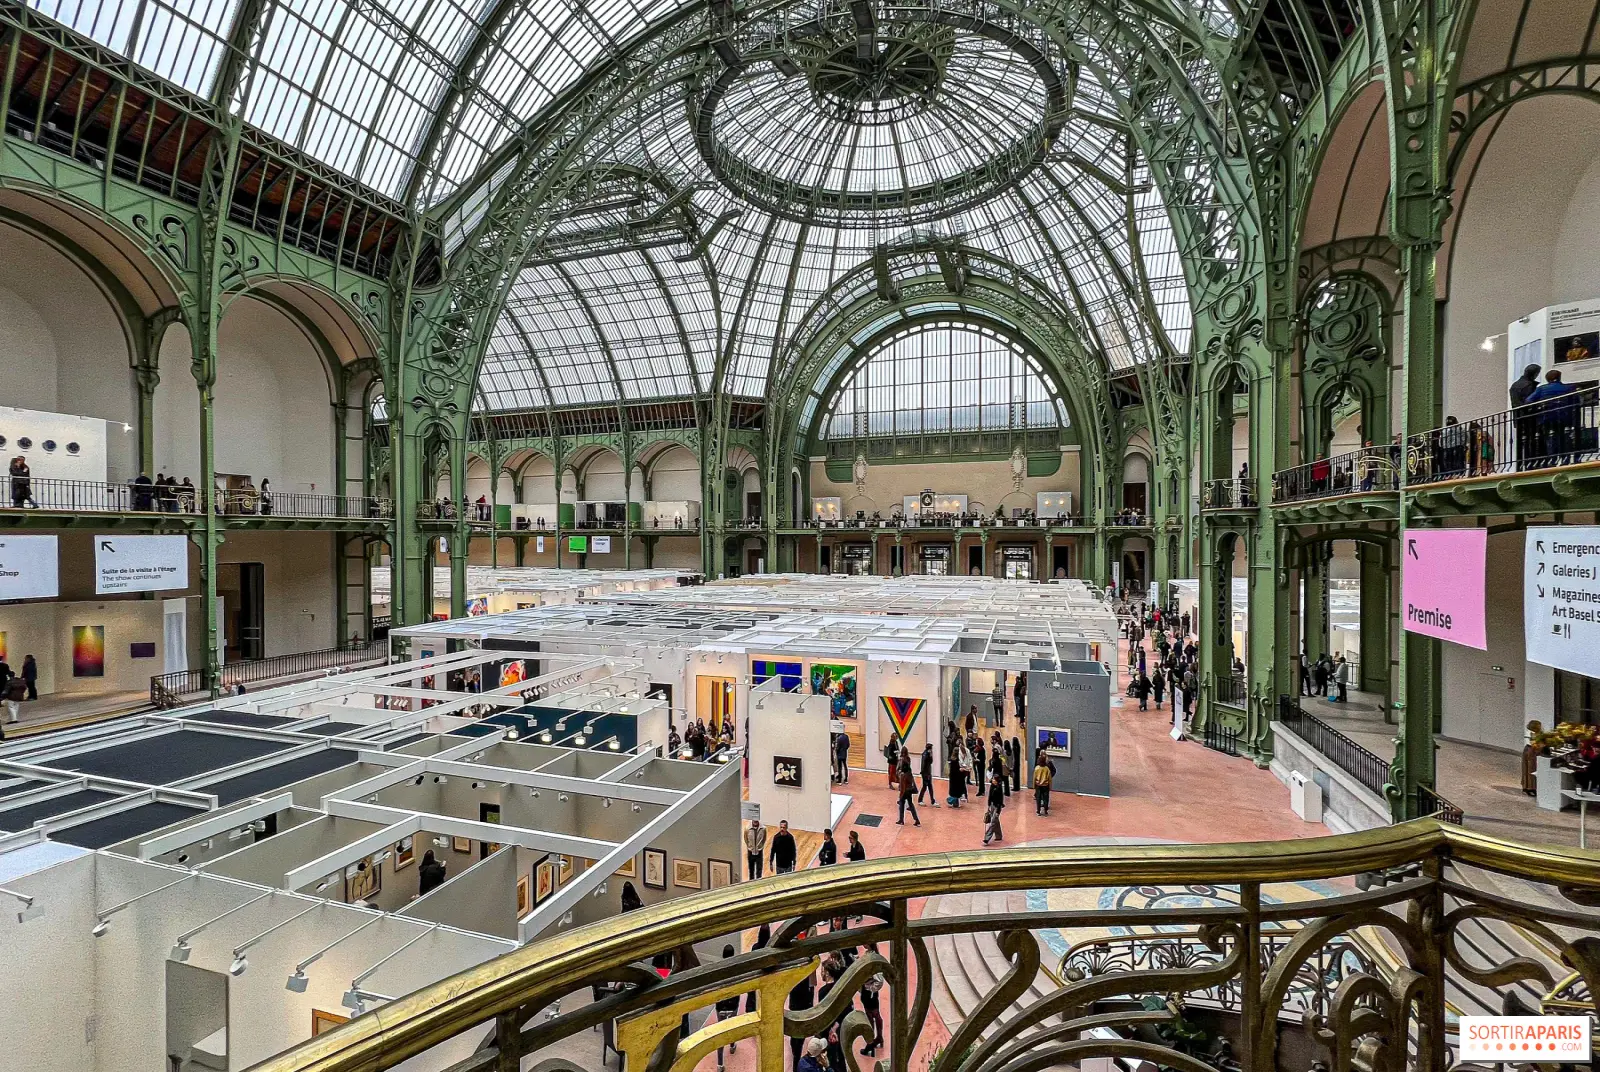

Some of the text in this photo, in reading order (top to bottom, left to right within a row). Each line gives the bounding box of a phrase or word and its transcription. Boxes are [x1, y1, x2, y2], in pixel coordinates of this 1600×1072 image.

[1552, 564, 1590, 578] Galeries
[1408, 603, 1452, 630] Premise
[1552, 605, 1567, 618] Art
[1568, 607, 1594, 622] Basel
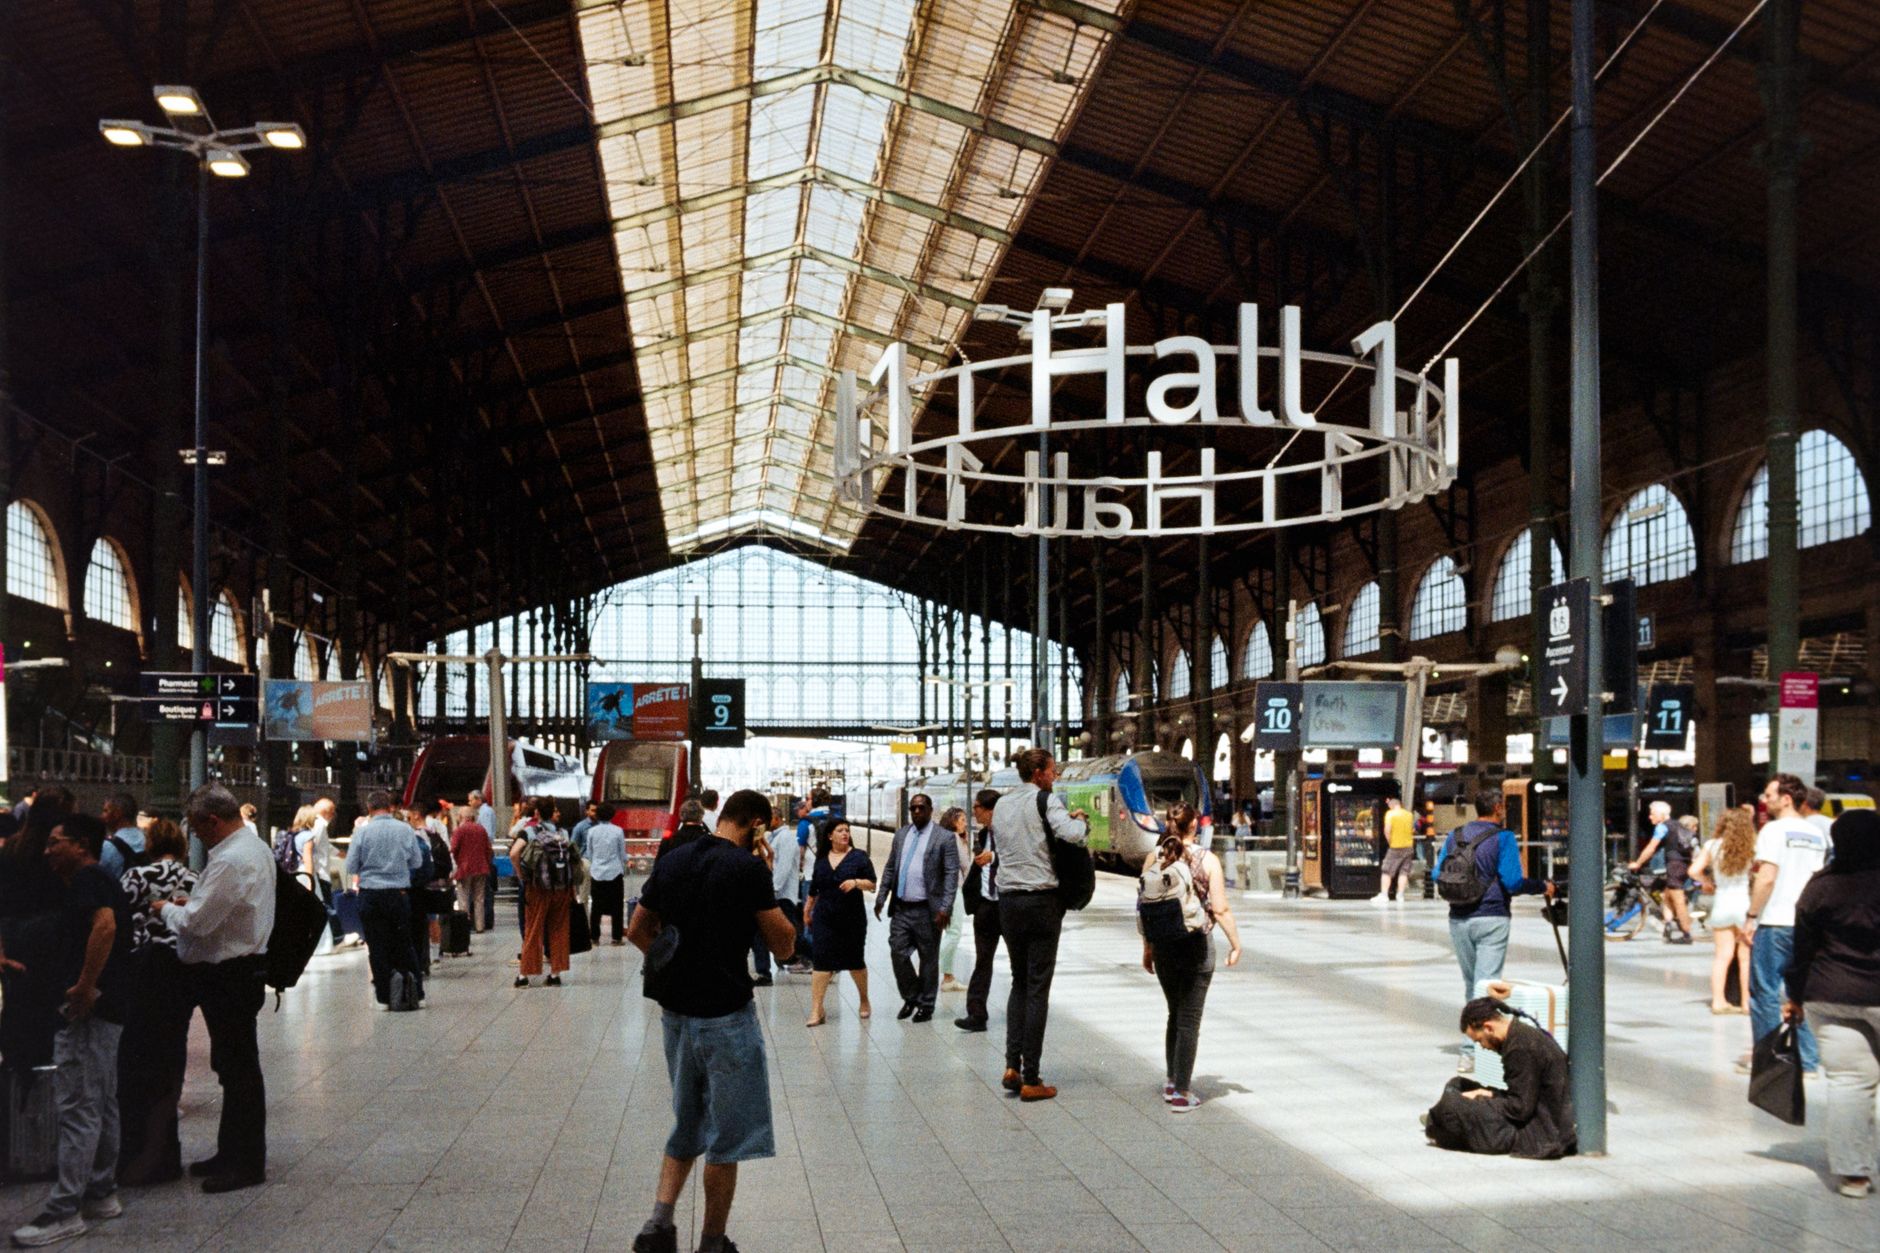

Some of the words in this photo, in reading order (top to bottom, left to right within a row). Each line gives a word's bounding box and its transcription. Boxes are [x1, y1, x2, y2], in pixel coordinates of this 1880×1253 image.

**What you need to do**
Pictures are not part of the copy; output everything else in the records exactly.

**Task output**
Some of the text in this photo, in reading order (top to bottom, left to right within a row). Each line gives the bounding box of a phrase or word and its transcription. Boxes are [x1, y1, x2, y2], in pixel coordinates of this 1600×1072 image.

[1552, 564, 1590, 578] Galeries
[1408, 603, 1452, 630] Premise
[1552, 605, 1567, 618] Art
[1568, 607, 1594, 622] Basel

Some of the words in this photo, in reading order (top to bottom, left to right within a row). Each line gives a word's bounding box and its transcription. Boxes are [x1, y1, x2, y2], in pixel coordinates of this 1880×1253 image.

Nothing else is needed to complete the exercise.